Sharps Technology Inc (STSS), now rebranding to SkyAI, is not a good buy right now for a beginner long-term investor with $50,000-$100,000 to deploy. The current setup is weak technically, insider selling is rising sharply, and there is no strong proprietary buy signal. Even with the pre-market price at 1.84, the stock is below the pivot and under bearish moving averages, so I would not buy it now. My direct view: sell/avoid for now, not a buy.

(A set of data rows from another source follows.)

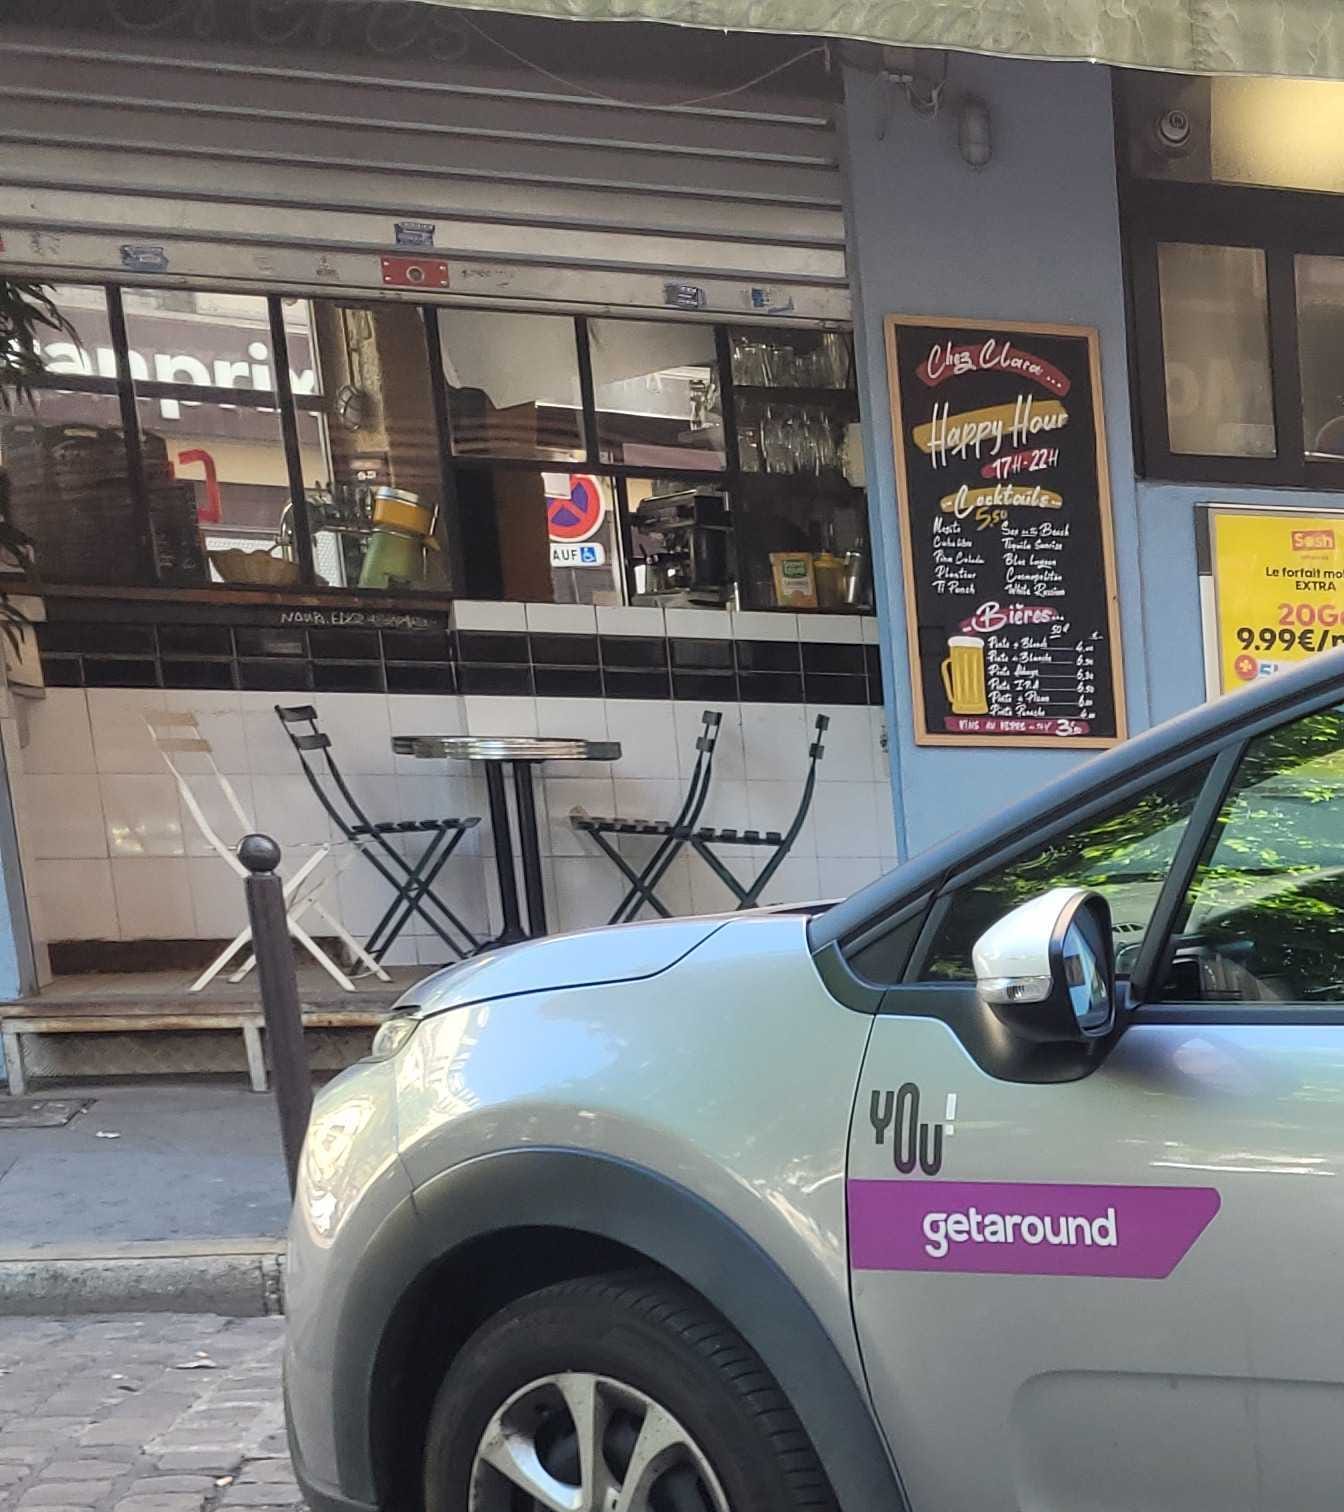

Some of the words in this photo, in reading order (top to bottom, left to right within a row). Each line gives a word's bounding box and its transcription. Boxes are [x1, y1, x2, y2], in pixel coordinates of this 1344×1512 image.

[927, 341, 976, 379] Chez
[928, 401, 1003, 470] Happy
[1009, 393, 1070, 448] Hour
[551, 549, 578, 561] AUF
[1265, 566, 1279, 577] Le
[1281, 567, 1321, 578] forfait
[1295, 580, 1337, 591] EXTRA
[922, 1207, 1118, 1258] getaround
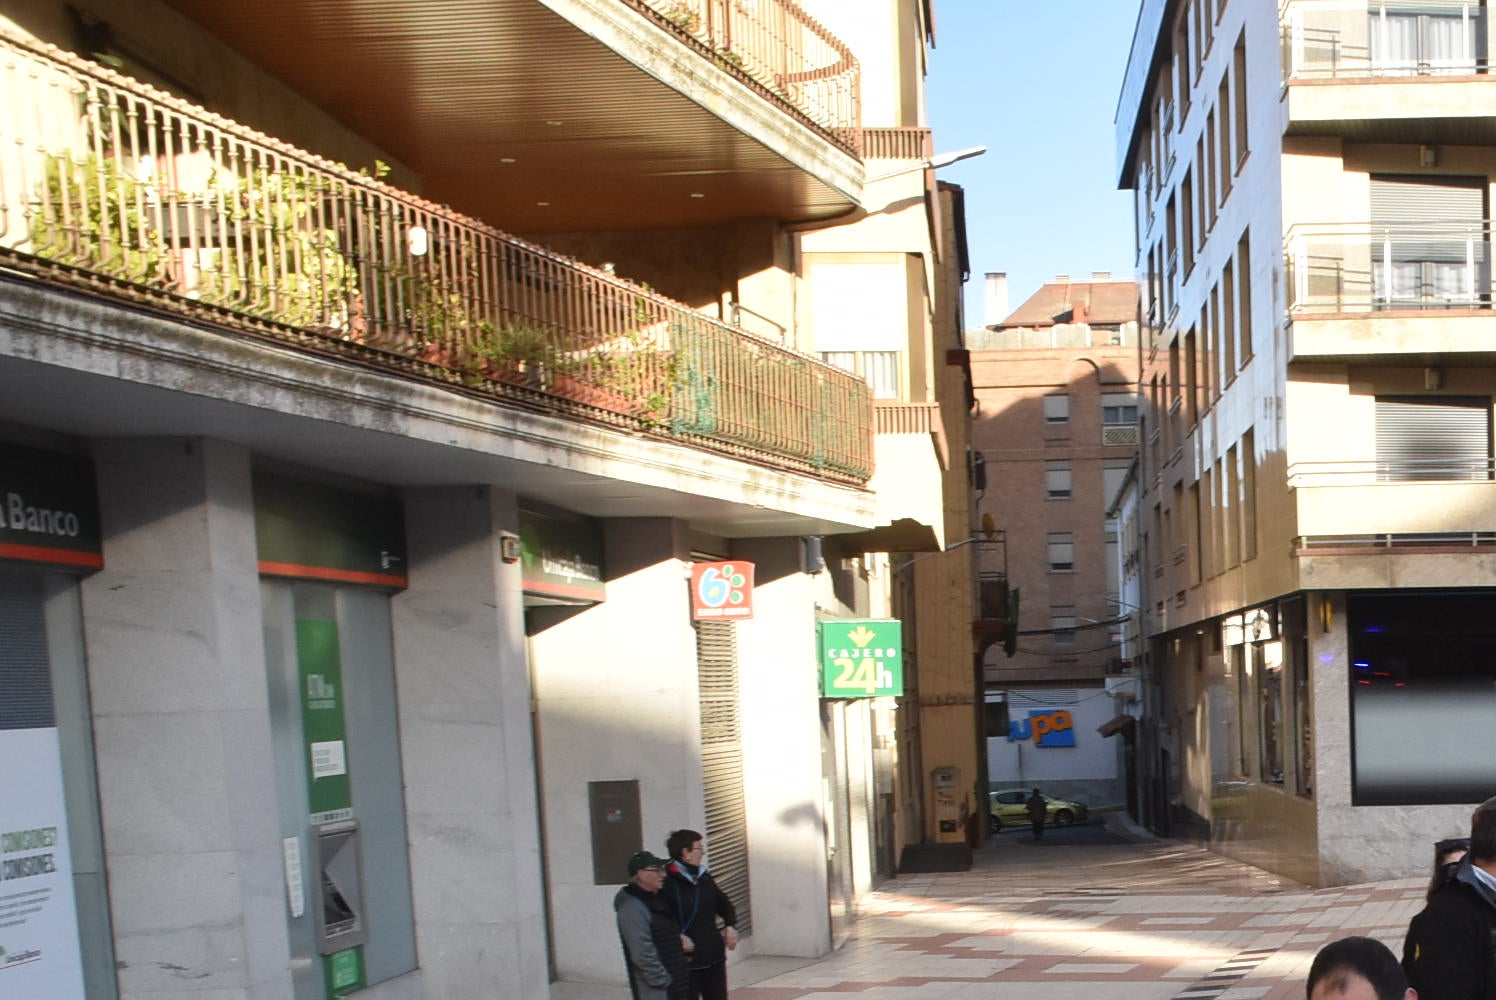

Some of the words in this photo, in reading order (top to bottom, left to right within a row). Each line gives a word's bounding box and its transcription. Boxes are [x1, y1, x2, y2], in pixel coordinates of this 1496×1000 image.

[7, 492, 79, 537] Banco
[828, 648, 897, 658] CAJERO
[832, 657, 894, 693] 24h
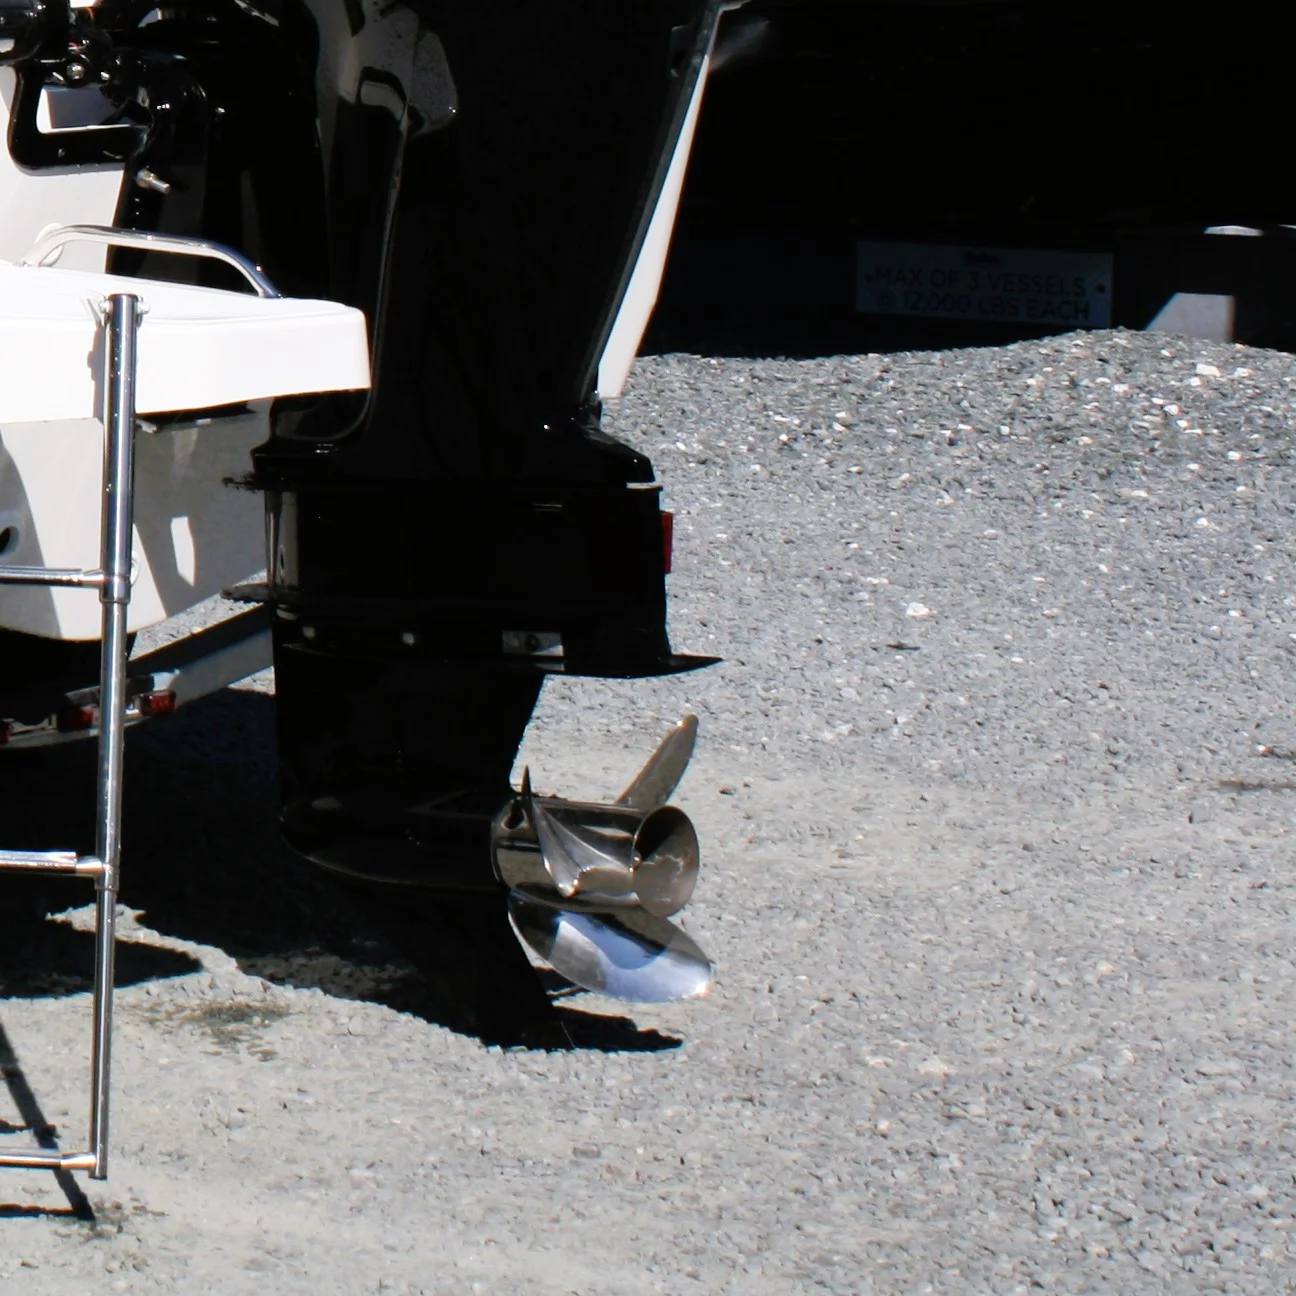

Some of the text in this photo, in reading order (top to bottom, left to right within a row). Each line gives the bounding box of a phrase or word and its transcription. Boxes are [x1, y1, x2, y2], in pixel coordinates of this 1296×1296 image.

[873, 265, 1087, 297] MAX OF 3 VESSELS
[978, 296, 1020, 317] LBS
[1027, 298, 1091, 321] EACH
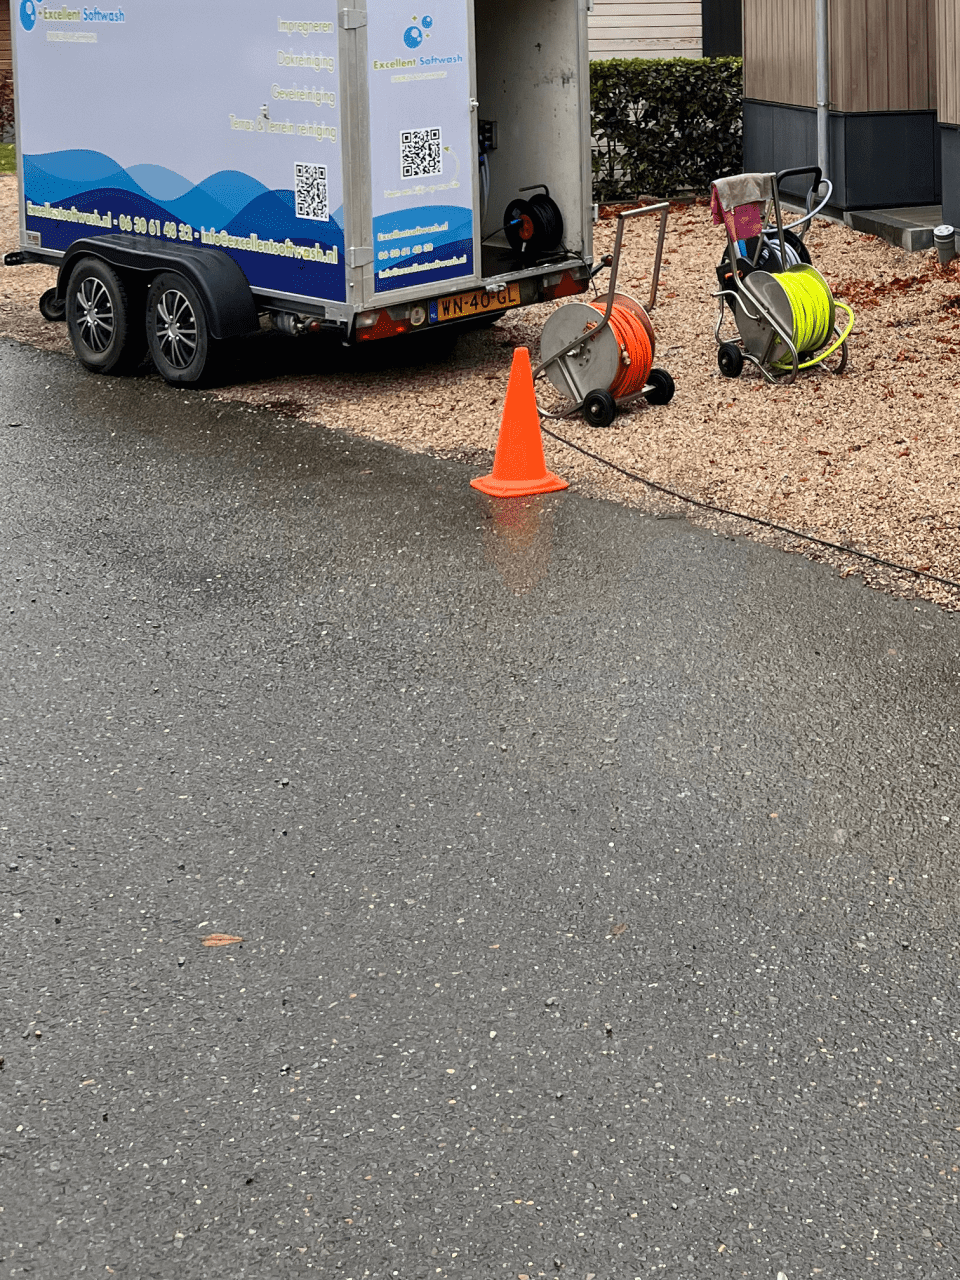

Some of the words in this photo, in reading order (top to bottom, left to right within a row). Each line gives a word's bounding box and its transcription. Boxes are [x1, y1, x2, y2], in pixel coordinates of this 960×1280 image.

[43, 5, 81, 21] Excellent
[82, 5, 125, 23] Softwash
[277, 16, 334, 37] Impregneren
[277, 48, 334, 73] Dakreiniging
[373, 57, 417, 70] Excellent
[419, 53, 463, 66] Softwash
[271, 82, 336, 108] Gevelreiniging
[229, 113, 255, 131] Terras
[255, 115, 264, 132] &
[296, 120, 337, 143] reiniging
[118, 214, 133, 232] 06
[133, 216, 147, 234] 30
[148, 218, 161, 236] 61
[163, 221, 177, 239] 48
[178, 223, 193, 241] 32
[200, 226, 339, 265] info@excellentsoftwash.nl
[441, 287, 516, 316] WN-40-GL

Technical trend is bearish. MACD histogram is negative at -0.0157 and still contracting below zero, RSI_6 is neutral at 46.324, and the moving averages are aligned bearishly with SMA_200 > SMA_20 > SMA_5. Current pre-market price of 1.84 is slightly below pivot 1.884, with nearby support at 1.766 and resistance at 2.003. This suggests the stock is still struggling to establish a durable uptrend.

The main positive catalyst is the company’s rebrand to SkyAI and its planned Nasdaq ticker change to SKYA, which may attract attention around the new strategic direction. The appointment of Arthur Levine as CFO on 2026-05-29 also supports the global expansion narrative and may improve execution credibility. Similar-pattern stock behavior suggests possible upside in the short run, but that is not enough for a long-term beginner buy.
Insiders are selling aggressively, with selling up 442.78% over the last month, which is a major negative. Hedge funds are neutral with no meaningful accumulation trend. The company has no useful financial snapshot available here, so there is no evidence of operating strength to support the rebrand story. The stock also lacks strong proprietary support: no AI Stock Picker signal and no SwingMax signal.
No usable latest-quarter financial data was provided, so there is no confirmed revenue, earnings, or growth trend to support a long-term investment case. Because the financial snapshot errored out, I cannot point to a strong latest-quarter season performance or any proof of accelerating fundamentals.
No analyst rating or price target change data was provided. Based on the available information, Wall Street appears cautious rather than bullish: there is no evidence of upgraded sentiment, no strong consensus buy signal, and no clear price target support. The pros view is limited to the rebrand/CFO change, while the cons view is dominated by insider selling, weak technicals, and lack of fundamental confirmation.